Work required:
Every record below should be printed exactly, except for the pictures.
Start of Supplied data
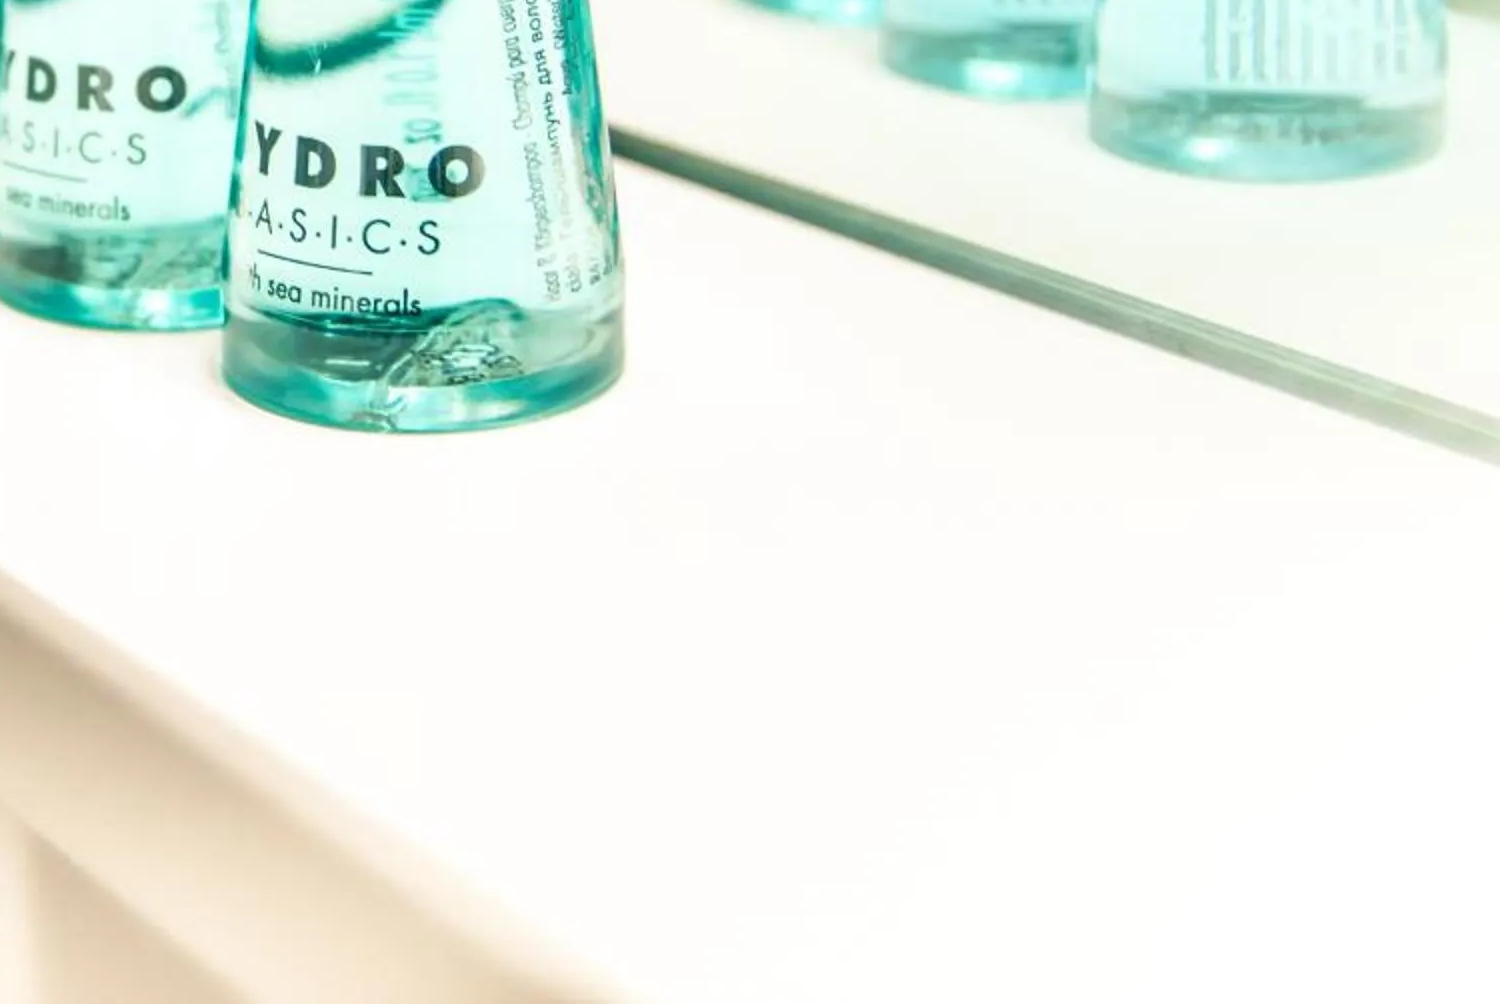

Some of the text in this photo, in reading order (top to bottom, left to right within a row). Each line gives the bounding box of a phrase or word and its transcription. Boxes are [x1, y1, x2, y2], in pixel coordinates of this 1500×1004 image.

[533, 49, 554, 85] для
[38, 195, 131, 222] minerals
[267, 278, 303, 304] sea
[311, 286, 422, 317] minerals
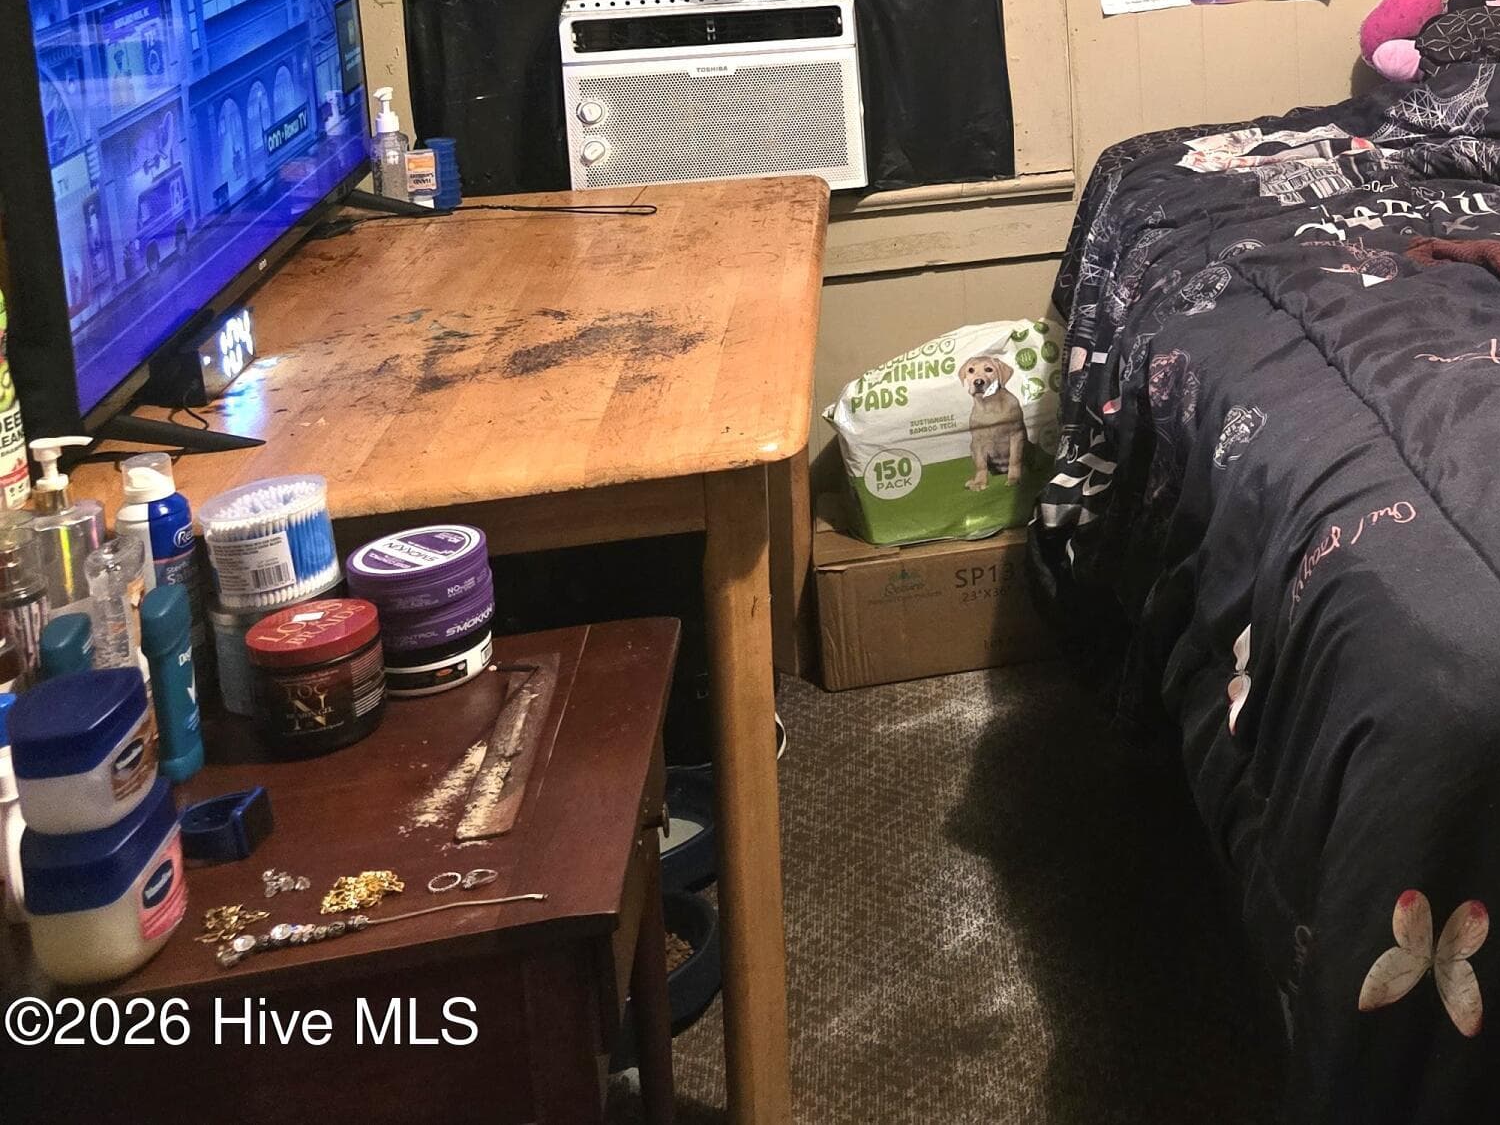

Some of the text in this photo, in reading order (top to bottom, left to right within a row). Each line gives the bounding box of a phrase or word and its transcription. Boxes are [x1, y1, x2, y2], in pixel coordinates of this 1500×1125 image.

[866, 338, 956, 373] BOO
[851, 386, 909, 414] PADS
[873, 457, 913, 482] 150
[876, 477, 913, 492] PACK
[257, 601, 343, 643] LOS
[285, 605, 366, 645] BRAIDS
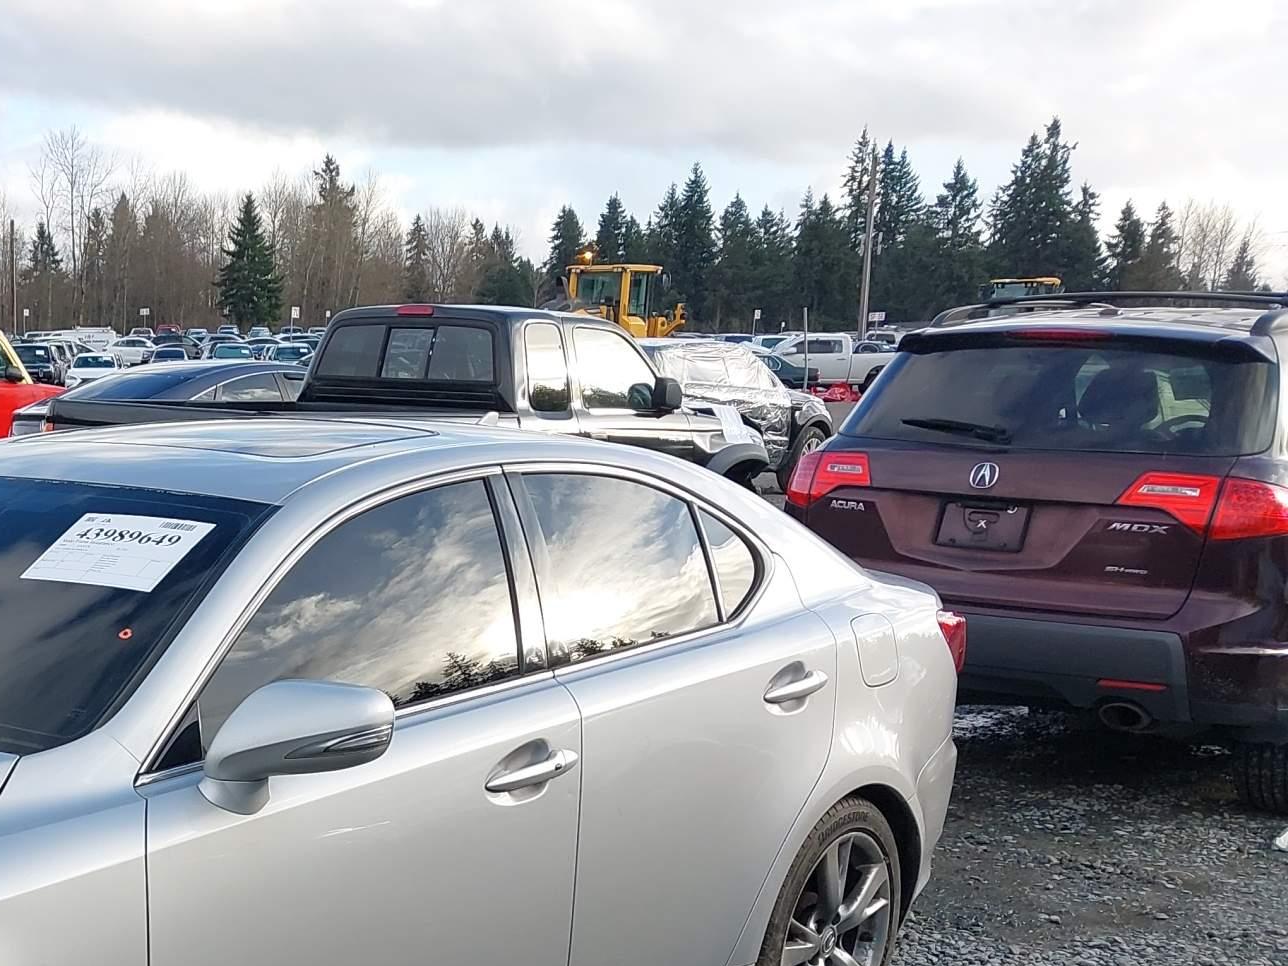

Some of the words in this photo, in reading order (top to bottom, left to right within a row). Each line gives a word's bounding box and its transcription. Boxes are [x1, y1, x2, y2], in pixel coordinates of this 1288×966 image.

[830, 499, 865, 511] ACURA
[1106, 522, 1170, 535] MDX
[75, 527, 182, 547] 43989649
End of Supplied data
Result for this exercise:
Some of the text in this photo, in reading order (top to bottom, left to right within a row). Each line gives the bounding box of a phrase or word and its transcription. Boxes are [x1, y1, x2, y2], in pixel coordinates of this 1500×1004 image.

[533, 49, 554, 85] для
[38, 195, 131, 222] minerals
[267, 278, 303, 304] sea
[311, 286, 422, 317] minerals

Some of the text in this photo, in reading order (top to bottom, left to right within a row). Each line gives the bounding box of a phrase or word and its transcription. Boxes are [x1, y1, x2, y2], in pixel coordinates of this 1500×1125 image.

[866, 338, 956, 373] BOO
[851, 386, 909, 414] PADS
[873, 457, 913, 482] 150
[876, 477, 913, 492] PACK
[257, 601, 343, 643] LOS
[285, 605, 366, 645] BRAIDS

Some of the words in this photo, in reading order (top to bottom, left to right within a row). Each line gives a word's bounding box and its transcription. Boxes are [x1, y1, x2, y2], in pixel coordinates of this 1288×966 image.

[830, 499, 865, 511] ACURA
[1106, 522, 1170, 535] MDX
[75, 527, 182, 547] 43989649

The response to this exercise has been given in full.